When your child starts to throw a full-fledged public tantrum, it can sometimes take every fiber of your being not to break down and cry too. However, what most parents don’t realize is that they often contribute to their kids’ meltdowns.
Here’s what you’re doing wrong.
You don’t consider how they’re feeling. I love when mothers drag their kids to the grocery store in the late part of the day when they are tired, hungry, and impatient. I know I don’t like going to the grocery store in the late afternoon – I’m not at my best either! Sometimes kids are overstimulated by the millions of colorful things on every shelf. Sometimes they are bored out of their minds or just sleepy. You cannot expect a 3-year-old to maintain enthusiasm being carted around all day doing your dumb errands; it just won’t happen.
You overuse the words, “No!”, “Don’t!”, and “Stop!”. When my son, Deryk, was little, my rule was that if it wasn’t going to kill him or somebody else, I’d shut up and watch. Sometimes parents just say “stop” because it’s inconvenient and we don’t want to supervise – we’re lazy, we have to go to the bathroom… whatever! Stop the knee-jerk reaction to micromanage your kid; that just sets them off. If you want to make a connection, physically get down to their level, eyeball to eyeball. A touch and a firm, non-hysterical voice works. Screaming doesn’t.

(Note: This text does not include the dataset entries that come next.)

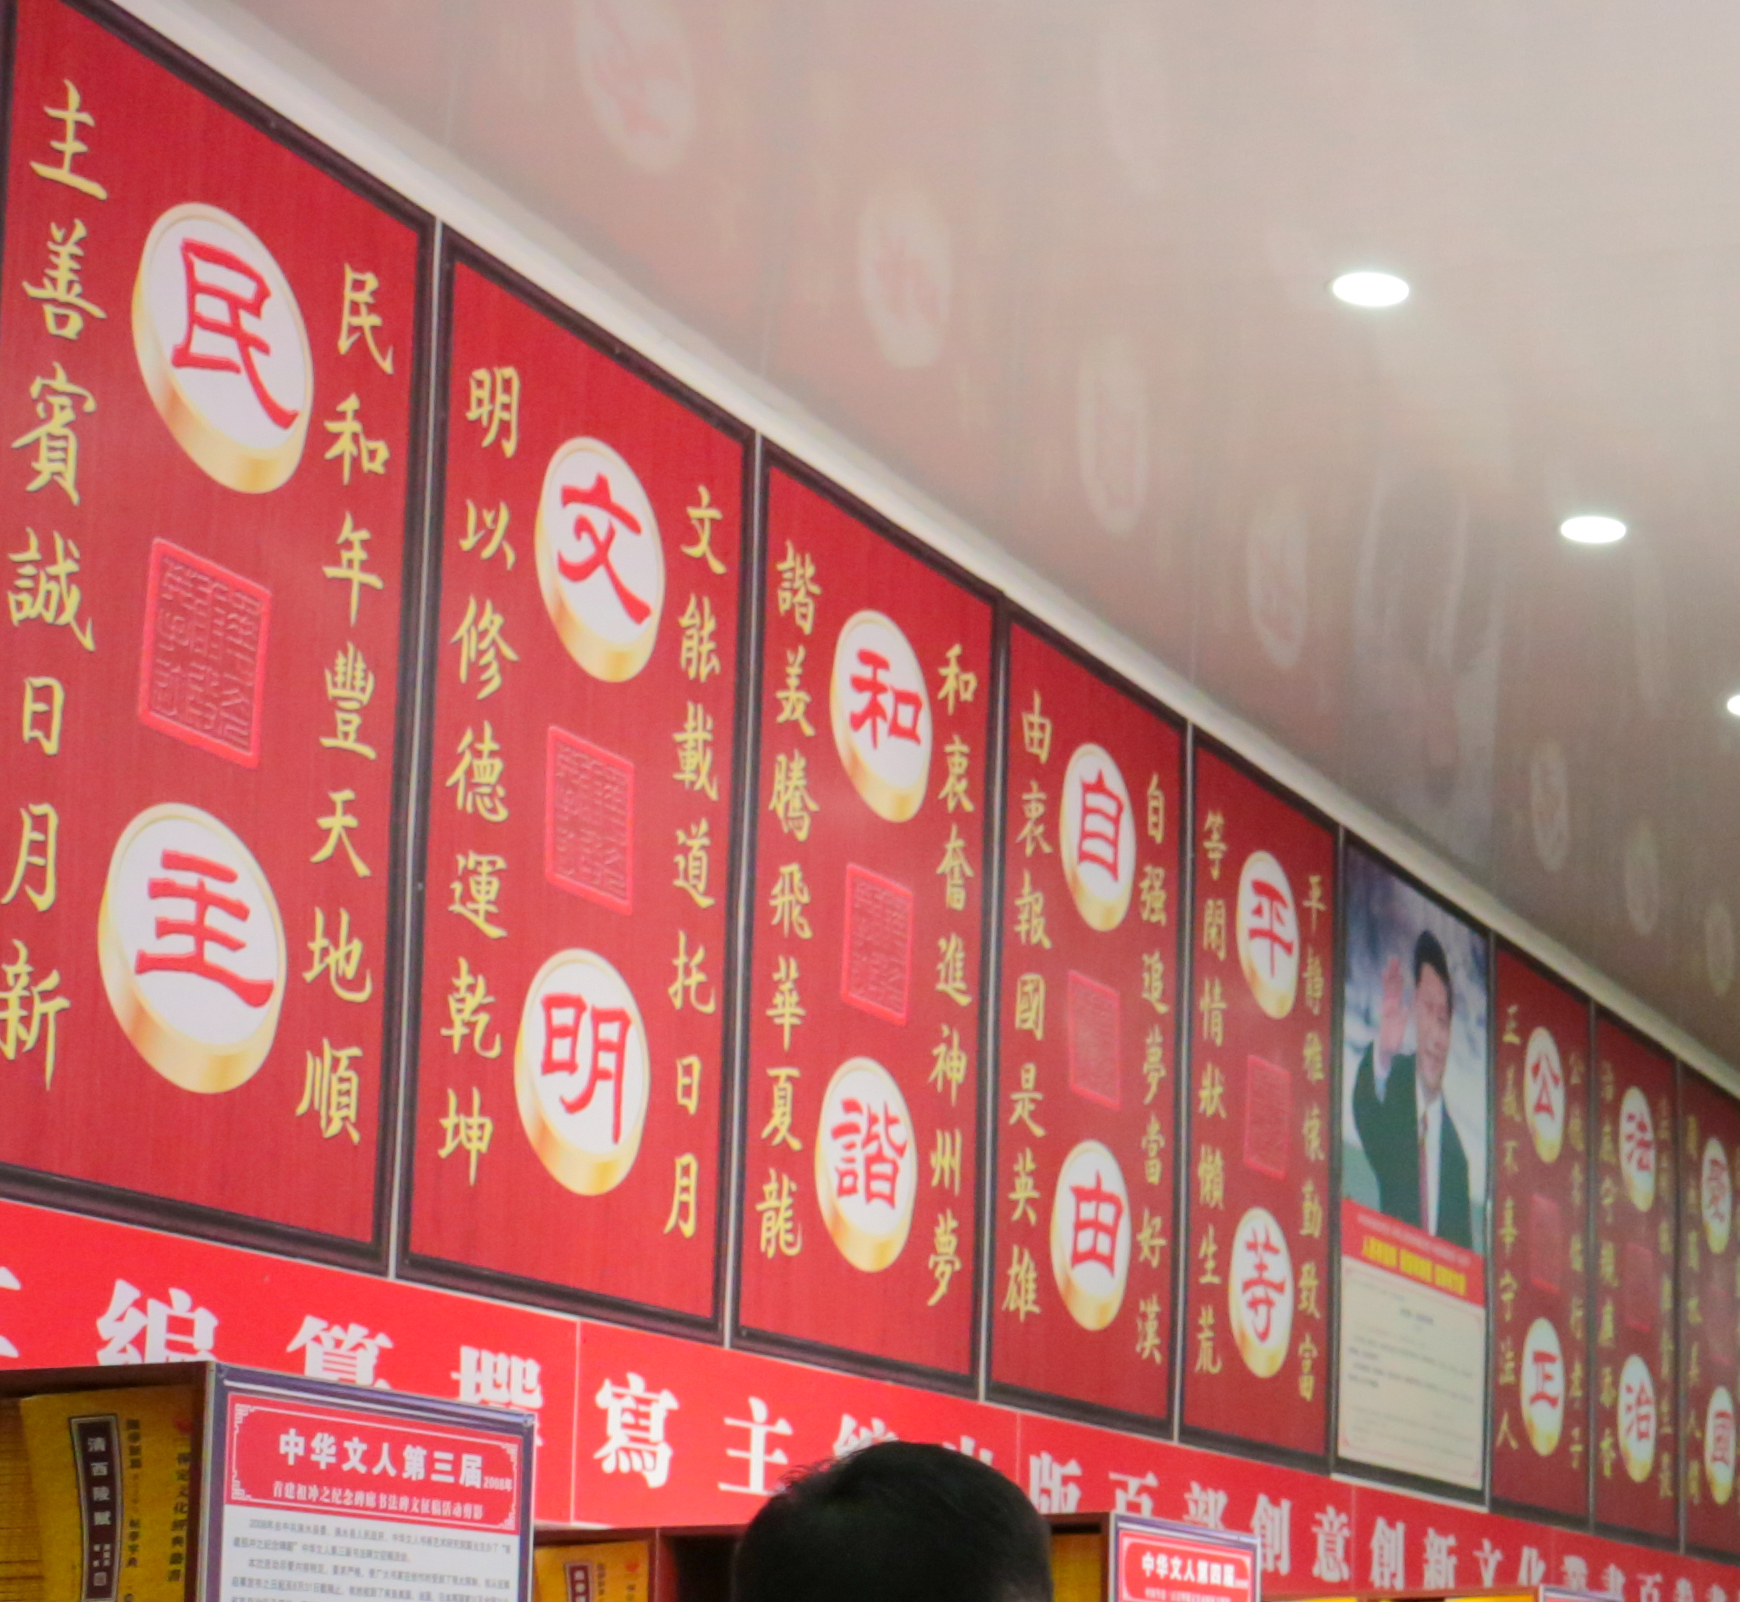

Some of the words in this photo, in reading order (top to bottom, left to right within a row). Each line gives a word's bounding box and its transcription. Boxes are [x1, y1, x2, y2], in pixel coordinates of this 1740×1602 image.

[171, 238, 299, 429] 民
[557, 473, 651, 626] 文
[296, 262, 393, 1144] 民和年豐天地順
[438, 366, 520, 1186] 明以修德運乾坤
[849, 649, 923, 750] 和
[663, 485, 726, 1238] 文能載道托日月
[755, 541, 822, 1258] 諧美騰飛華夏龍
[1076, 768, 1125, 883] 自
[134, 849, 275, 1009] 主
[926, 643, 978, 1307] 和衷奮進神州夢
[1248, 879, 1294, 978] 平
[540, 992, 632, 1145] 明
[1002, 690, 1053, 1324] 由衷報國是英雄
[831, 1097, 908, 1209] 諧
[1531, 1058, 1561, 1120] 公
[1069, 1171, 1124, 1279] 由
[1241, 1228, 1286, 1343] 等
[1529, 1349, 1560, 1408] 正
[279, 1427, 483, 1490] 中华文人第三届

You don’t keep your child in the loop. I can’t tell you how many parents I have heard from who expect their kids to instantly drop whatever they are doing – watching a show, reading a book, or playing a game – and obey like a robot. Set a timer (10 minutes) for them to wrap up whatever they are doing before you have dinner, go pick up Aunt Mary, etc.
You don’t keep them occupied. One thing I always did was keep a big satchel of arts and crafts materials, snacks, and other toys on hand so no matter where I brought my son, he had stuff to entertain himself with.

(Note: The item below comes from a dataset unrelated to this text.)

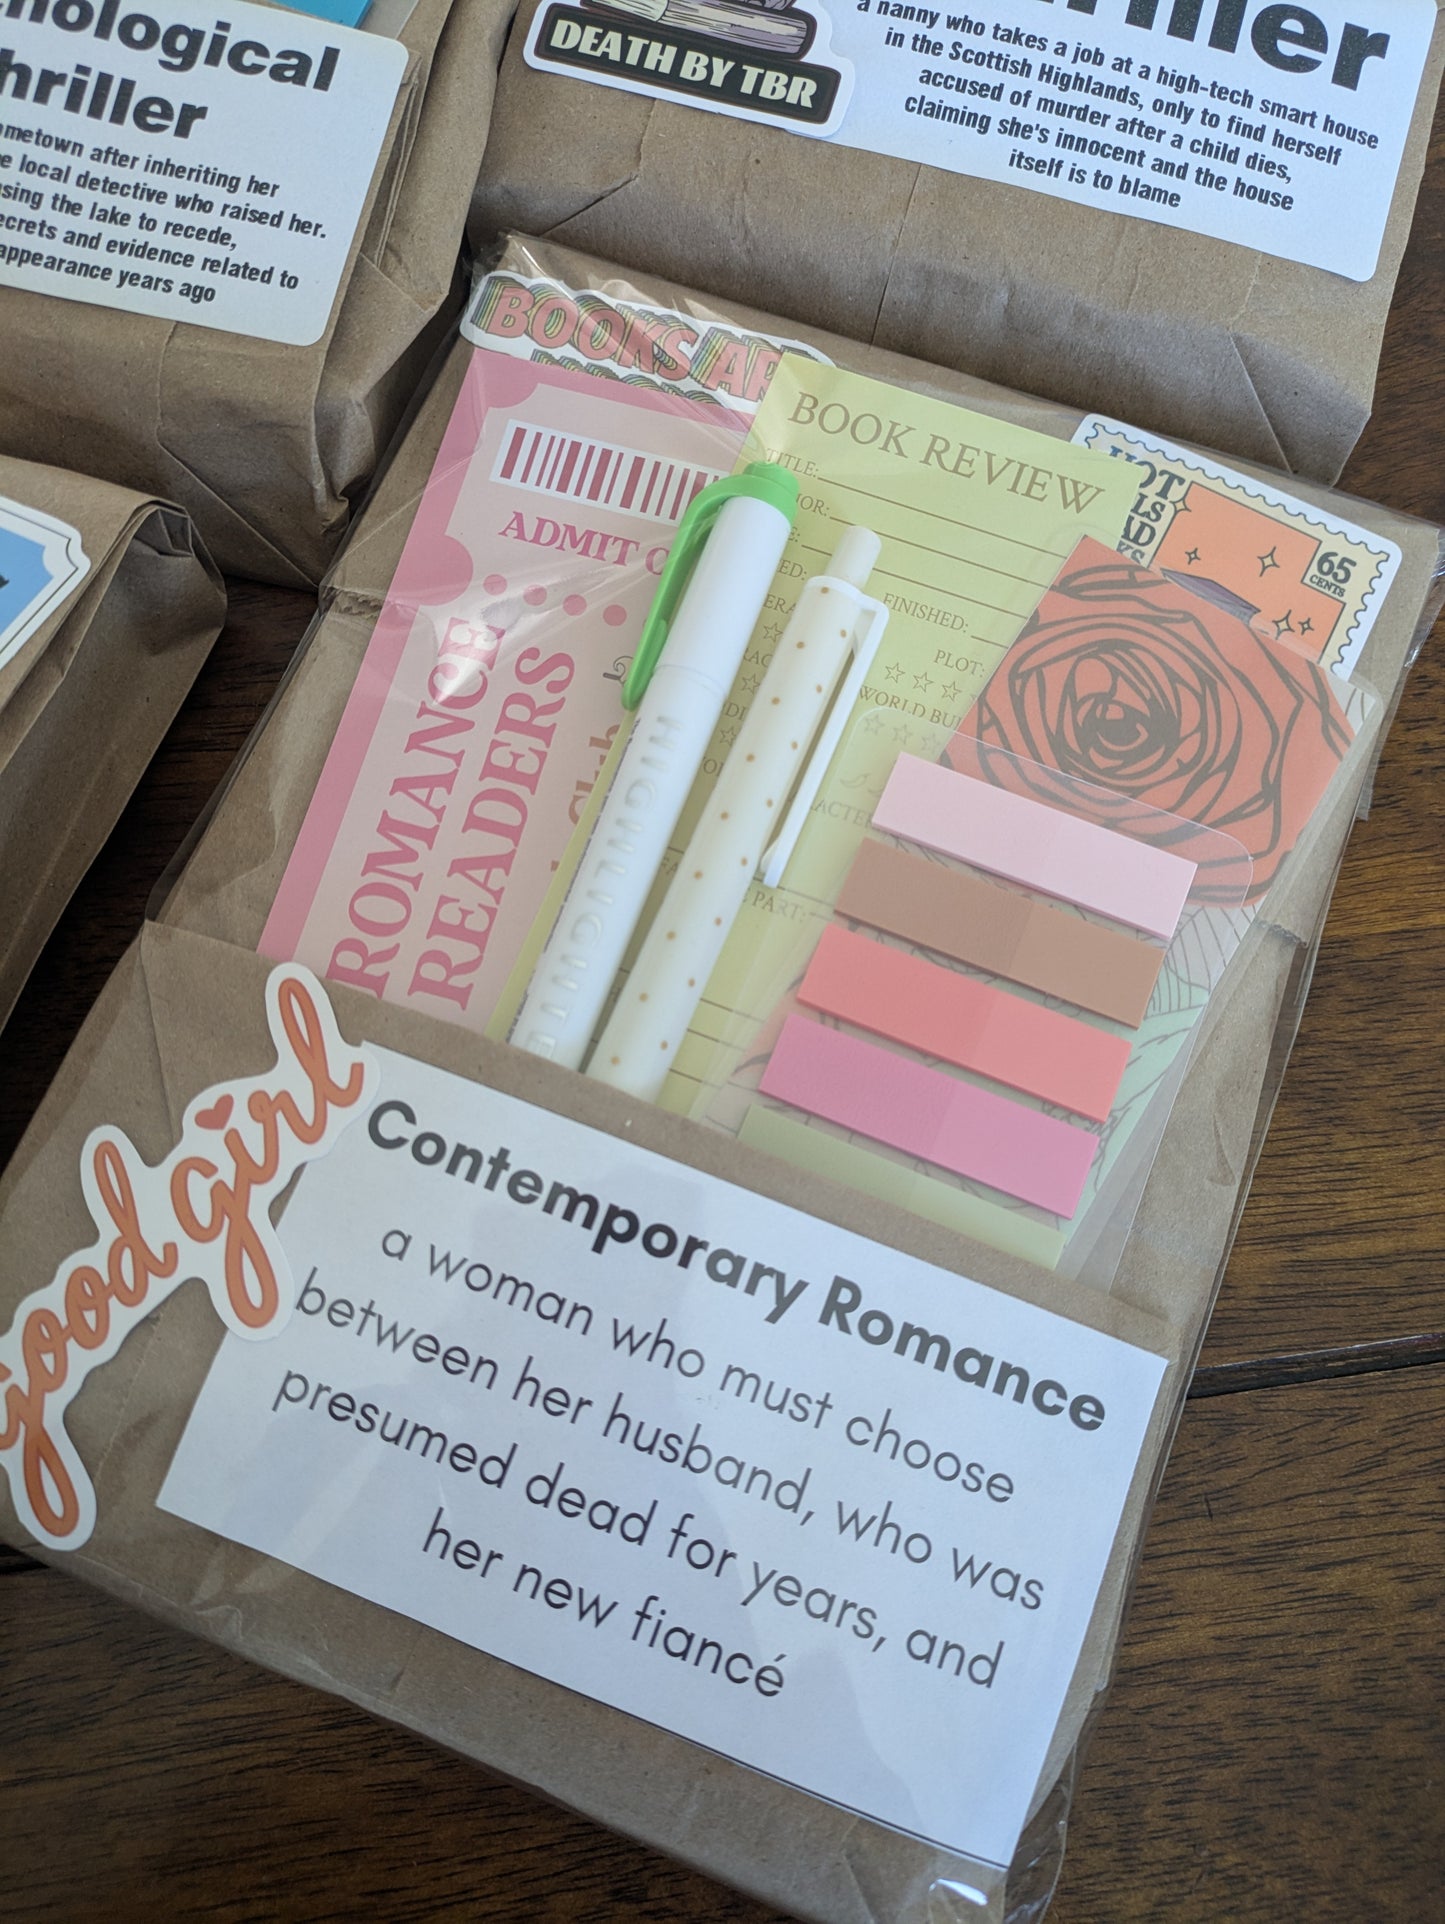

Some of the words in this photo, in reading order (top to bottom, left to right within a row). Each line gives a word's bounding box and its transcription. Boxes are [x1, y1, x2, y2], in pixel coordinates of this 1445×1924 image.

You don’t give them a choice. Instead of commanding your kid to get ready for bed, offer them a choice:
“Do you want to put on your jammies or brush your teeth first?”
“Do you want to eat the peas or the potato first?”
That way, your child is thinking about which activity he or she is going to do first rather than being contrary.
You treat everything too seriously. As I have told callers many times, if you want your children to clean up their rooms, line up their toys and put out a big bucket. Then time them to see how many toys they can get in the bucket in 60 seconds while only taking two at a time. Make it a game. Use play, humor, and fun to get them to do things. At dinner say, “Let’s make a face with the food – you can eat the eyeballs, the nose, the mouth, the ears, and hair.” Kids love that stuff!
Now, some of this may or may not be useful for kids who have medical or psychiatric “issues” (I hate that word). I’m not talking about that – I’m talking about your average, run-of-the mill kid. That being said, all kids are different – some nap a lot and some are Energizer Bunnies – so you have got to know your child and then plan ahead from there.